# Santa Scarf pattern



## balloch8 (May 11, 2012)

Size 8 needles 190 yds. of Dk weight yarn for main color.
1 Skein of Aura yarn to match main color
1 skein of white yarn for beard & hat trim. (This may be fur, chenille or textured type of yarn)
If using Dk weight, hold 2 strands together, or 1 strand of worsted weight.
*scrap yarn in white to knit 20 rows.

With *scrap yarn cast on 20 sts and work in 1 x 1 rib for 20 rows.

Change to hat trim yarn and work in 1 x 1 rib for 4 to 6 rows.
Change to main color and Aura held together, work in 1 x 1 rib until desired scarf length leaving enough yarn to finish the end with (about 10 rows). Last 10 rows: K2tog, knit across to last 2 sts. K2 tog. Repeat this row until 4 or 5 sts remain. Bind off.

For Beard: With beard yarn and using crochet hook, start at bottom of scarf and fringe across in every other stitch. Fringe the next 2 rows as above alternating every other stitch.


----------



## countryknitwit (Nov 13, 2011)

Thanks for sharing!


----------



## janie48 (May 18, 2011)

Fantastic, I saved the picture and printed it out to put together with the pattern. Thank you, this is sooooooo cute.


----------



## Katsch (Mar 15, 2011)

Thank you!


----------



## Katsch (Mar 15, 2011)

janie48 said:


> Fantastic, I saved the picture and printed it out to put together with the pattern. Thank you, this is sooooooo cute.

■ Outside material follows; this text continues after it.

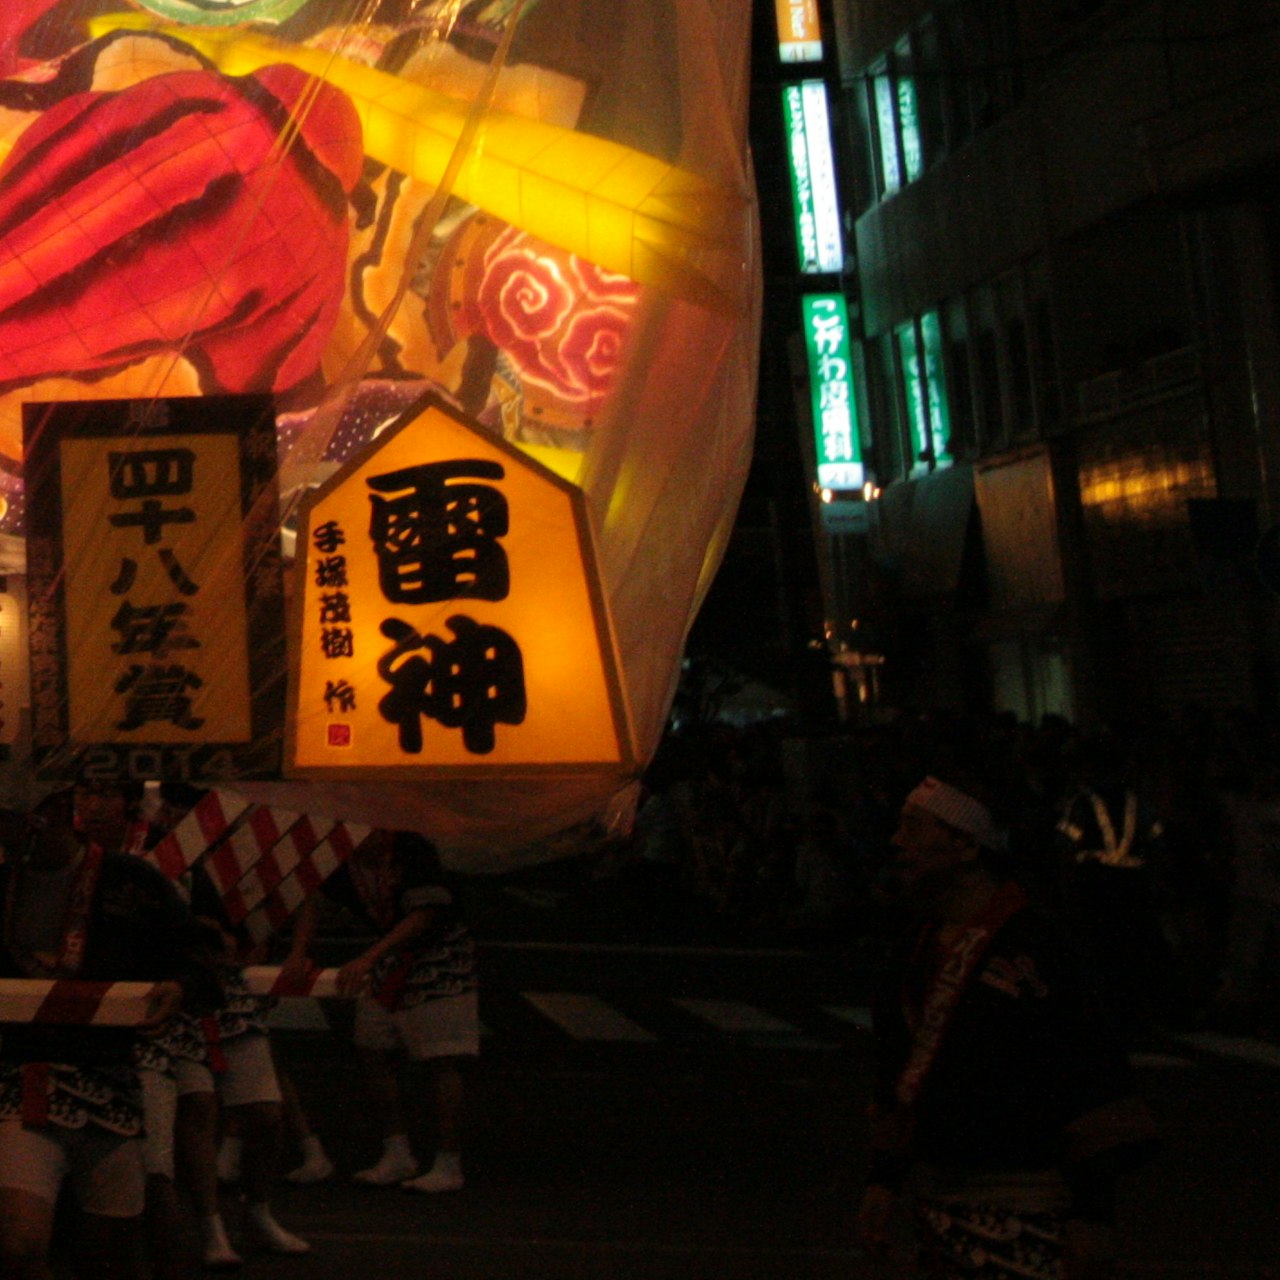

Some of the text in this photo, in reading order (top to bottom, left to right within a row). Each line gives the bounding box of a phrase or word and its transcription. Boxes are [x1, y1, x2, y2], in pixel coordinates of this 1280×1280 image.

[365, 458, 528, 755] 雷神
[324, 679, 357, 714] 作
[82, 748, 234, 781] 2014

May I ask, where is the picture?


----------



## Jokim (Nov 22, 2011)

Katsch said:


> janie48 said:
> 
> 
> > Fantastic, I saved the picture and printed it out to put together with the pattern. Thank you, this is sooooooo cute.
> ...


I would also like the picture, as I already printed out the pattern. Thank you! Sounds like a lovely patt.
Jokim


----------



## Jokim (Nov 22, 2011)

Jokim said:


> Katsch said:
> 
> 
> > janie48 said:
> ...


Never mind... If you search KP for Santa Scarf, you'll find it posted 12/1/12. Beautify piece of knitting. Thank you balloch8.
Jokim


----------



## Jokim (Nov 22, 2011)

Jokim said:


> Katsch said:
> 
> 
> > janie48 said:
> ...


Never mind... If you search KP for Santa Scarf, you'll find it posted 12/1/12. Beautify piece of knitting. Thank you balloch8.
Jokim


----------



## Knitry (Dec 18, 2011)

Jokim said:


> Jokim said:
> 
> 
> > Katsch said:
> ...


Yeah, don't post the link for anyone else! That would be too easy, and way too thoughtful and nice.

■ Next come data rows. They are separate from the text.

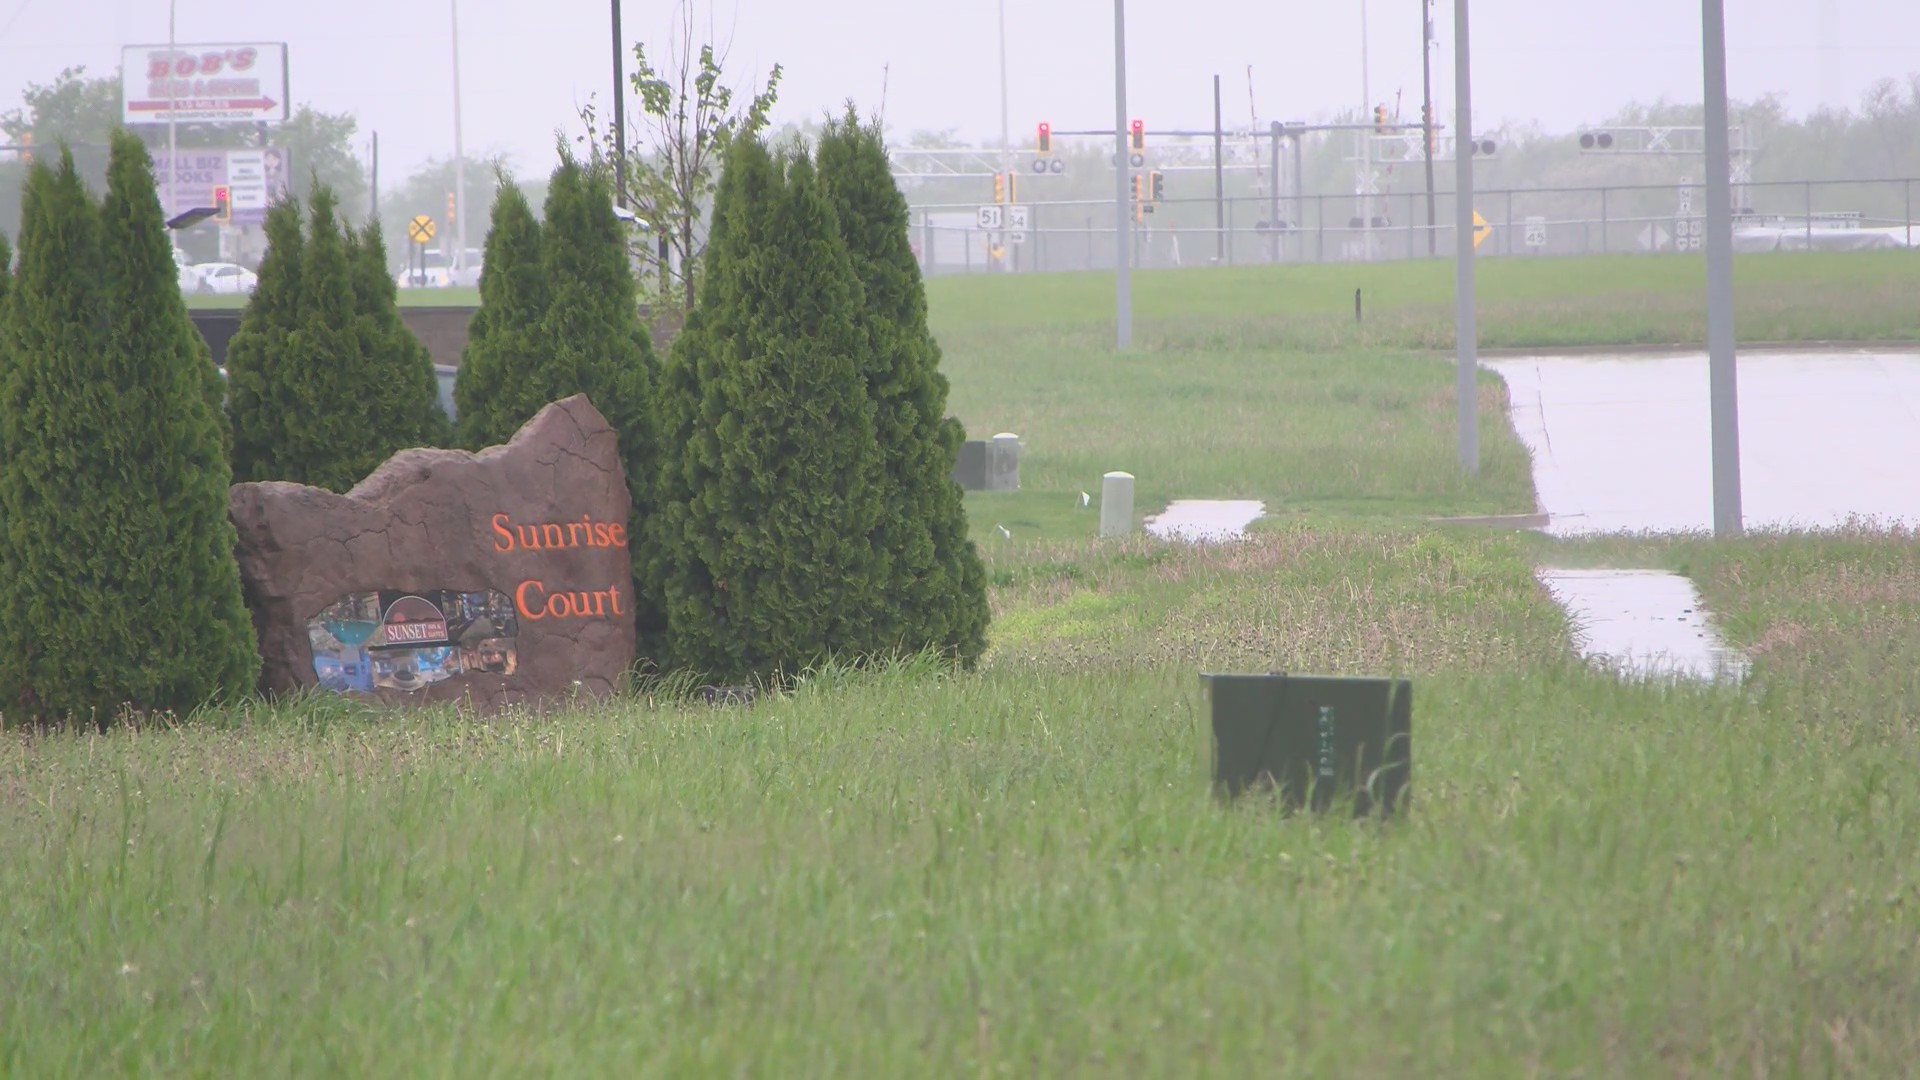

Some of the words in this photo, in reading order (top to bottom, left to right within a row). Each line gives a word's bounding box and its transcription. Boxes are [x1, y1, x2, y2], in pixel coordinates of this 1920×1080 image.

[148, 48, 257, 78] BOB'S
[196, 99, 230, 108] MILES
[154, 111, 253, 119] BOSIMPORTS.COM
[197, 156, 222, 169] BIZ
[982, 210, 997, 224] 51
[492, 512, 627, 552] Sunrise
[515, 580, 625, 620] Court
[387, 623, 427, 641] SUNSET

For those who are still interested (and it is a darling scarf!) here it is: http://www.knittingparadise.com/t-128596-1.html


----------



## balloch8 (May 11, 2012)

I'm sorry, did I offend someone? I posted all the information AND the photo!


----------



## uthatswho (Aug 25, 2012)

I do not see a photo


----------



## uthatswho (Aug 25, 2012)

nevermind, post above me has link to a photo, So gonna have to make it! Wicked cute


----------



## triana (May 2, 2012)

Thank you balloch8. You've started me thinking of Christmas 2013. It looks a really cute pattern.


----------



## Bertie31 (Jul 10, 2013)

Could the Santa face be developed into a Christmas stocking?? Do you have a picture?

Bertie31
([email protected])


----------



## Jokim (Nov 22, 2011)

Knitry said:


> Yeah, don't post the link for anyone else! That would be too easy, and way too thoughtful and nice.
> 
> For those who are still interested (and it is a darling scarf!) here it is: http://www.knittingparadise.com/t-128596-1.html


I'm sorry, I didn't know some people wanted a link. I would have posted it if I knew how. I am not a very knowledgeable person when it comes to the computer. BTW- I made this scarf for my granddaughter and it is absolutely darling. Will have to look for a matching mittens pattern to make this year.


----------